Parallèlement, les jeunes artistes de l’Académie peuvent prendre en charge une ou plusieurs cartes blanches, présentées aux membres de la Maison. En fin de saison, l’ ensemble de la promotion présente une pièce travaillée tout au long de leur année à L’Académie, en public au Théâtre du Vieux-Colombier ou au Studio-Théâtre.

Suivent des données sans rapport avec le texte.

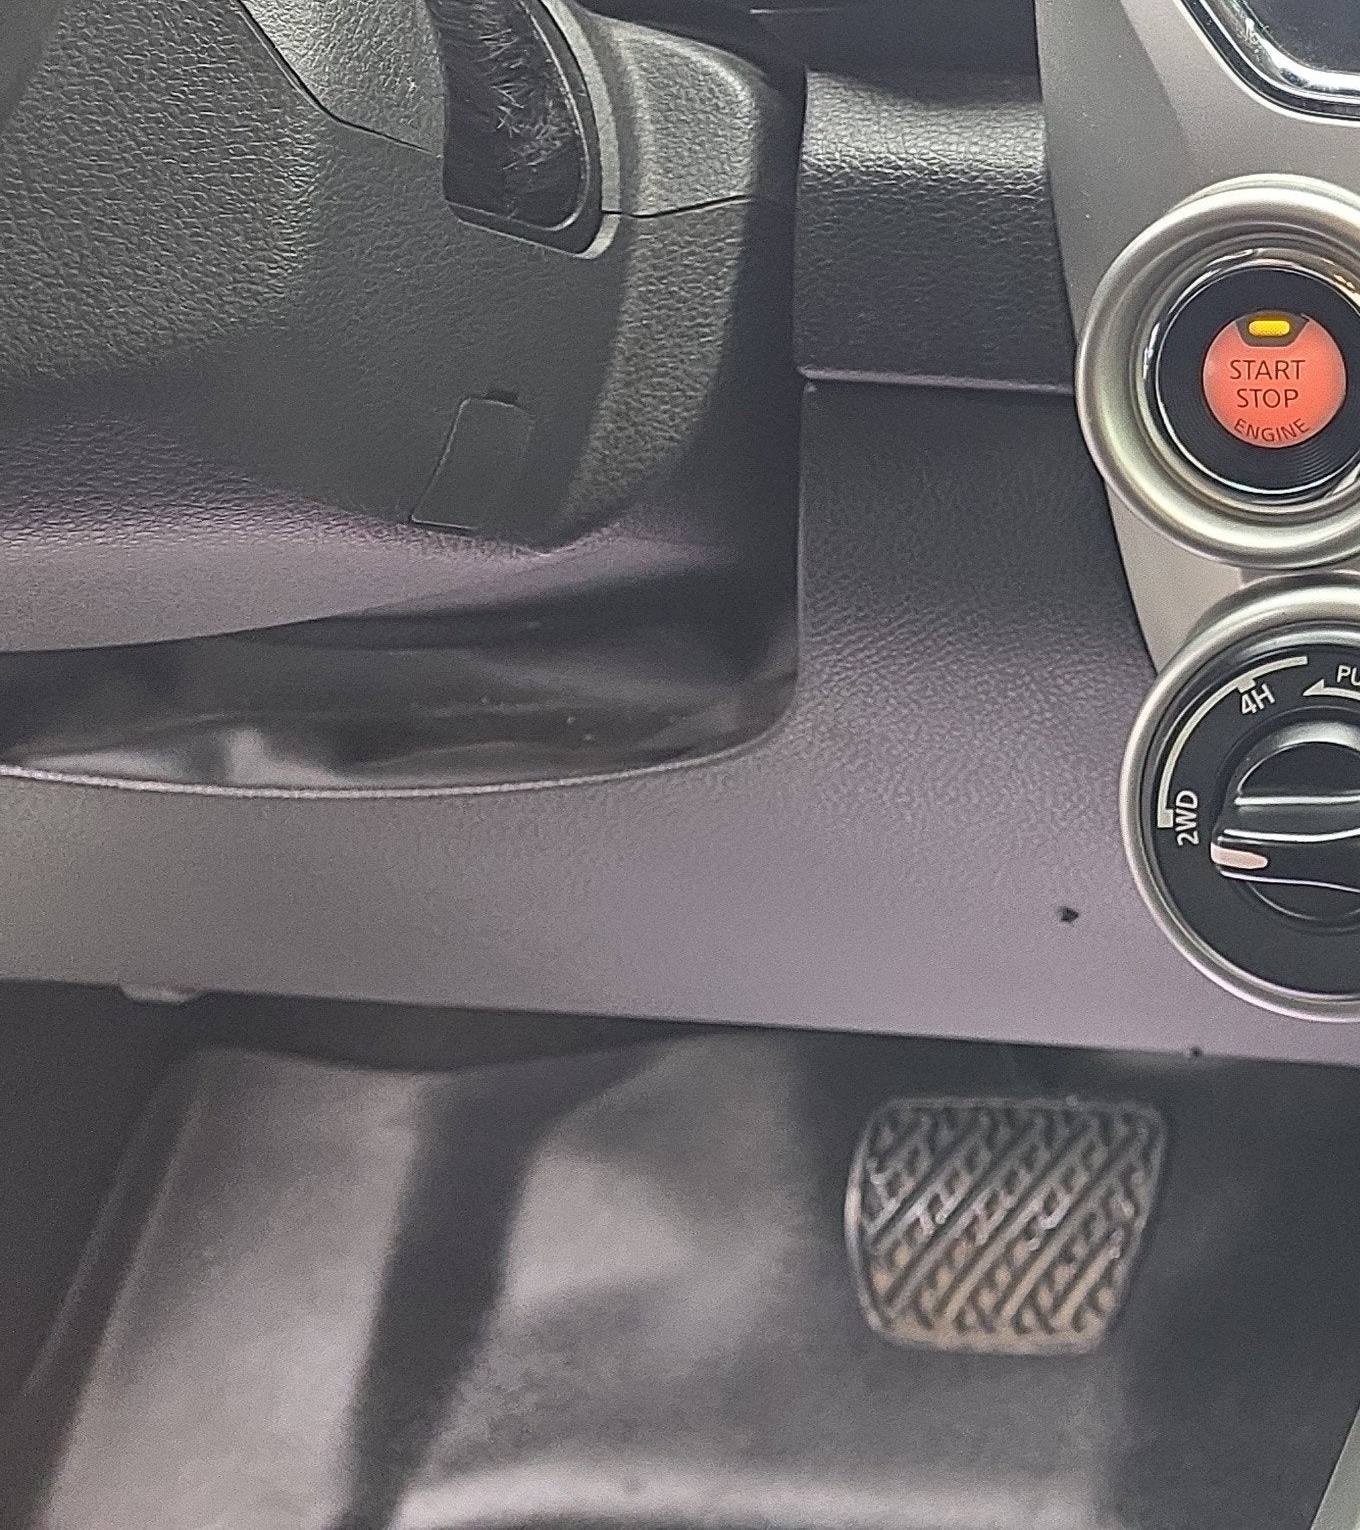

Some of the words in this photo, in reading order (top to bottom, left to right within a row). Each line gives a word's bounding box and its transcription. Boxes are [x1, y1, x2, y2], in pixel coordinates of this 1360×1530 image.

Compte tenu de la particularité de la saison 2019-2020, nous avons proposé aux artistes de cette promotion de poursuivre une année supplémentaire au sein de la Comédie-Française. Certains ont donc été de nouveau parmi nous cette saison. Nous présentons ainsi en ce mois de juillet 2021 deux spectacles de sortie, Le roi s’amuse par la promotion 2019-2020 et Habiter le temps par la promotion 2020-2021.


Habiter le temps
de Rasmus Lindberg
par la promotion 2020-2021 de l’académie de la Comédie-Française
Salomé Benchimol, Clémentine Billy, Antoine de Foucauld, Chloé Ploton, Camille Seitz et Nicolas Verdier,
Leah Lapiower, Chloé Bellemère, Claire Fayel.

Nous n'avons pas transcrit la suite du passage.